District Attorney Robert Morgenthau said the New York woman, Jennifer Wilkov of Brooklyn, used her job at American Express Financial Advisors to help her West Coast confederates find 23 local people who were victimized by the scheme.
Wilkov, 38, solicited investors between 2005 and 2006 for Carla Zimbalist, 62, of Beverly Hills, and Pam Chanla, a native of Laos who is also known as Sayasith Khammanivong, 33, a resident of Alhambra, Calif., Morgenthau said.
Prosecutors said Wilkov received a total of $145,000 in commissions and consulting fees from Zimbalist and Chanla for recruiting investors.
The district attorney said the defendants told victims they were investing in nine single-family houses worth $500,000 to $1 million in southern California that would be renovated and sold, and the profits shared by investors.
In fact, Morgenthau said, Zimbalist and Chanla owned just two of the houses and at some point they went into foreclosure because they failed to make payments on the loans they had taken out to buy the properties.
Wilkov told some victims that the investments were part of her work for American Express Financial Advisors and she told others the investments were a sideline separate from her AmEx job, prosecutors said.
Zimbalist and Chanla used much of the money stolen from New York investors to pay personal expenses and civil judgments against them for thefts from California victims who made similar housing investments with them, Morgenthau said.
The Los Angeles County Sheriff's Department is investigating alleged criminal activities in that area by the women. He said the pair might have a total of 40 victims, and may have taken West Coast victims for more than $2 million.

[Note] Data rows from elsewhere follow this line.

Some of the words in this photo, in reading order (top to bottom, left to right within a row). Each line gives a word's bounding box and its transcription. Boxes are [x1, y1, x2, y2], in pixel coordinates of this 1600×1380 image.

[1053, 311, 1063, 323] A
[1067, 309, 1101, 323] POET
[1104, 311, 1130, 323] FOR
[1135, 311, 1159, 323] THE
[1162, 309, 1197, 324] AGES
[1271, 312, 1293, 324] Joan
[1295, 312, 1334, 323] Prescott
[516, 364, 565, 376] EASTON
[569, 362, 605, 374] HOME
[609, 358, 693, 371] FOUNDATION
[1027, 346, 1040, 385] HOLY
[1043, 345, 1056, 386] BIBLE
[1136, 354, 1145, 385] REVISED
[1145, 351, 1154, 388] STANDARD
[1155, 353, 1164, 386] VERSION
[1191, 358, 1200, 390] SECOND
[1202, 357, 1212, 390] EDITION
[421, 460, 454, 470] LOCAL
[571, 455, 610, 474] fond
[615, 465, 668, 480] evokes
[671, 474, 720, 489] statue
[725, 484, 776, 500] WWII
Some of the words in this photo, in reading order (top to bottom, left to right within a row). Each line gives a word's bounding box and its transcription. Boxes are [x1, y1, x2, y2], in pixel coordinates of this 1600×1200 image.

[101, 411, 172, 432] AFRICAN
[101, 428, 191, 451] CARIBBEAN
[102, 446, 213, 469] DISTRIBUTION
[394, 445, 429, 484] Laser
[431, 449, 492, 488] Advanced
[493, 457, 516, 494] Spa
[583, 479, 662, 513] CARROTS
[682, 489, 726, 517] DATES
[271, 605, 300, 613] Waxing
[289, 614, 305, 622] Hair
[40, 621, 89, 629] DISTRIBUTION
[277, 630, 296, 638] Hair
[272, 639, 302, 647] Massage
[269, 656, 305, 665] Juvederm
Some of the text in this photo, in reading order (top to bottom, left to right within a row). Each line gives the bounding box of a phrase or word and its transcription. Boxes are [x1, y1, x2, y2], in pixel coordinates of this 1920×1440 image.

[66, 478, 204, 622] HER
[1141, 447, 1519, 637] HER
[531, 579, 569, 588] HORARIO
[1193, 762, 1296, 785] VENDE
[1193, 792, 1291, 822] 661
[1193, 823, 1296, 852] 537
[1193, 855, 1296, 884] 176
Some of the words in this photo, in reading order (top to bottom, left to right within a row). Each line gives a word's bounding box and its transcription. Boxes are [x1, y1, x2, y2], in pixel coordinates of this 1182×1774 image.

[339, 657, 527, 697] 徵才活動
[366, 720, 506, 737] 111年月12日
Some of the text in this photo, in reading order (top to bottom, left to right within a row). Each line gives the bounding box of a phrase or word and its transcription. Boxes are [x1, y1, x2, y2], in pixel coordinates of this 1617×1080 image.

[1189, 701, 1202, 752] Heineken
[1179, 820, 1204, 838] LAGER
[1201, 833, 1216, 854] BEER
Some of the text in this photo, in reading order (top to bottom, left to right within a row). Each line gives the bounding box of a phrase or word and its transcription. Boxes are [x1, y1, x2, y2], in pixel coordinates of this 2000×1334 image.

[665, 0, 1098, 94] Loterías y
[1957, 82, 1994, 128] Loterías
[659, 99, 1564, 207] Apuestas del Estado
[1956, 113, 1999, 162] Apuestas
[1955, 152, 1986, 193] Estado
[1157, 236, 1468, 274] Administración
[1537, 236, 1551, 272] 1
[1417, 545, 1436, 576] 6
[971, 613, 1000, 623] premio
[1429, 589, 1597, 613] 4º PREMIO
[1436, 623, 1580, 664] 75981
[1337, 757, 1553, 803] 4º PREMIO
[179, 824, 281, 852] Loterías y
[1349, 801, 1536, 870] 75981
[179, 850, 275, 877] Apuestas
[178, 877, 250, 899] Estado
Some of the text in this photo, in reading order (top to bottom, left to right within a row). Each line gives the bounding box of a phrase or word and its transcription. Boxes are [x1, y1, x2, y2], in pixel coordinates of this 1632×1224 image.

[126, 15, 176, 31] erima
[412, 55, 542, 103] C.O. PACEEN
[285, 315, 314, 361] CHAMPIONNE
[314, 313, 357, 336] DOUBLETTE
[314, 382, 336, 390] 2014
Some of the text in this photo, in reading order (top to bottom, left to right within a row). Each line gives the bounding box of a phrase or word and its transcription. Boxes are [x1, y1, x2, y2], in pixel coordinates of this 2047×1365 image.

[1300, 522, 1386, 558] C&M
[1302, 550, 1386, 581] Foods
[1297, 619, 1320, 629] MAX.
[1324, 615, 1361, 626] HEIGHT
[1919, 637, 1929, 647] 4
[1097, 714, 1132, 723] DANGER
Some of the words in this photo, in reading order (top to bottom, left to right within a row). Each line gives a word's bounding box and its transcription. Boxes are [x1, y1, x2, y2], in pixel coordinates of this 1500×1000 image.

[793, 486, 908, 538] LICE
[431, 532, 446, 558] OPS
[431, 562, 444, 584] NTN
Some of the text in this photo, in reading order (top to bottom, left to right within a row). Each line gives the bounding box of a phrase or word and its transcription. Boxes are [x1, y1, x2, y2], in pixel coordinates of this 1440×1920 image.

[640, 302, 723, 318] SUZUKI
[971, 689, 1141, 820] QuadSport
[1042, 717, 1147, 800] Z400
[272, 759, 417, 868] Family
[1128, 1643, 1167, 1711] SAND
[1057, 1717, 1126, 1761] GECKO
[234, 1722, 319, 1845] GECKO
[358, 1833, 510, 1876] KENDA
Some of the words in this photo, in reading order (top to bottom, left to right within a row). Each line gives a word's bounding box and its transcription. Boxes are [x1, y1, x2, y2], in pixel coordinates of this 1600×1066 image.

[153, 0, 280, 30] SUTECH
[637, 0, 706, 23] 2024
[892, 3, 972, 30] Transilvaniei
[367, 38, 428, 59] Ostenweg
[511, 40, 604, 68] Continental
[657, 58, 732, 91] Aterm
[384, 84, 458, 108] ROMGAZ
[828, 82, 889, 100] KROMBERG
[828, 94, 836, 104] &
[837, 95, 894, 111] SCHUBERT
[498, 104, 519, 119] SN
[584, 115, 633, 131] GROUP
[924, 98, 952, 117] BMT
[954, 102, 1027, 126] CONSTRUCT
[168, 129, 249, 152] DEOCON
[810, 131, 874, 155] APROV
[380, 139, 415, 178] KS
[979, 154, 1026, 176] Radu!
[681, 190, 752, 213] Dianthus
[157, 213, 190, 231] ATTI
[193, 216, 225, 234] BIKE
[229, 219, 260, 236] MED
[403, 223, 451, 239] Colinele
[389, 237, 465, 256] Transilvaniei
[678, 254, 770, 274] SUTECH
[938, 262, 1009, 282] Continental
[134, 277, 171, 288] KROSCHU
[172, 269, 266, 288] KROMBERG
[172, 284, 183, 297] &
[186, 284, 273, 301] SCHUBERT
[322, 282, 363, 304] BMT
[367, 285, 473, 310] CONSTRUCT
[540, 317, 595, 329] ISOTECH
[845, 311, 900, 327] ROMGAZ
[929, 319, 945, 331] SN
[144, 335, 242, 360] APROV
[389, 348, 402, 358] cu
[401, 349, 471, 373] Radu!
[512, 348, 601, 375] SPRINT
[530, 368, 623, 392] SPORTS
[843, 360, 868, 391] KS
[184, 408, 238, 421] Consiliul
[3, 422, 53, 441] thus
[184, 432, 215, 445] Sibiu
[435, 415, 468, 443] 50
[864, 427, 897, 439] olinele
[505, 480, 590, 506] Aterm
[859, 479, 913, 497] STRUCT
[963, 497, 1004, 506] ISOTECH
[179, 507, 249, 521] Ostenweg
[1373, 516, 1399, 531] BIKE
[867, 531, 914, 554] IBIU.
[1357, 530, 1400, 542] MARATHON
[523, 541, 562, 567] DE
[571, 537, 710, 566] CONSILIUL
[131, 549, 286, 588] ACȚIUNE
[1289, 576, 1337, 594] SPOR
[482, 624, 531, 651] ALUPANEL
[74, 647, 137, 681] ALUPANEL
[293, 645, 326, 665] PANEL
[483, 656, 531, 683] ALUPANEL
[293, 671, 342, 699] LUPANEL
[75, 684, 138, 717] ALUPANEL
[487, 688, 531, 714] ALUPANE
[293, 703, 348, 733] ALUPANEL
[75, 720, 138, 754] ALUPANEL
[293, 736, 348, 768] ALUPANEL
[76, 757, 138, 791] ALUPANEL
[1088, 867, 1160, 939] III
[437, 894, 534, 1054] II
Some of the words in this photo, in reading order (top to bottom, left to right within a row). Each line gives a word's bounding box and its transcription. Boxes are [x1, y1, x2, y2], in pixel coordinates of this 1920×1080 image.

Wilkov, arrested Tuesday, pleaded not guilty in Manhattan's state Supreme Court to scheme to defraud and securities fraud under the state's general business law. Both charges are punishable by up to four years in prison.
Wilkov's lawyer, Barry Bohrer, said his client herself was victimized by the pair. He said she was introduced to the two women by her brother who lives in California and invested with them. He said Wilkov, her brother and her father in Florida, together had lost "well in excess of $1 million" in what they thought were legitimate projects.
Acting Justice Brenda Soloff set Wilkov's bond at $500,000 to be secured by $50,000 cash. The judge ordered Wilkov to surrender her passport and told her to post the bail by July 6, the defendant's next court date.
Zimbalist, indicted here on charges of grand larceny, scheme to defraud and securities fraud, is in custody in Los Angeles, prosecutors said. She faces up to 15 years in prison if convicted.
Morgenthau said Chanla, facing the same charges as Zimbalist, is a fugitive.
Wilkov left American Express in August 2005 to open her own Brooklyn-based financial advice company, Evolutionary Strategic Planning, prosecutors said.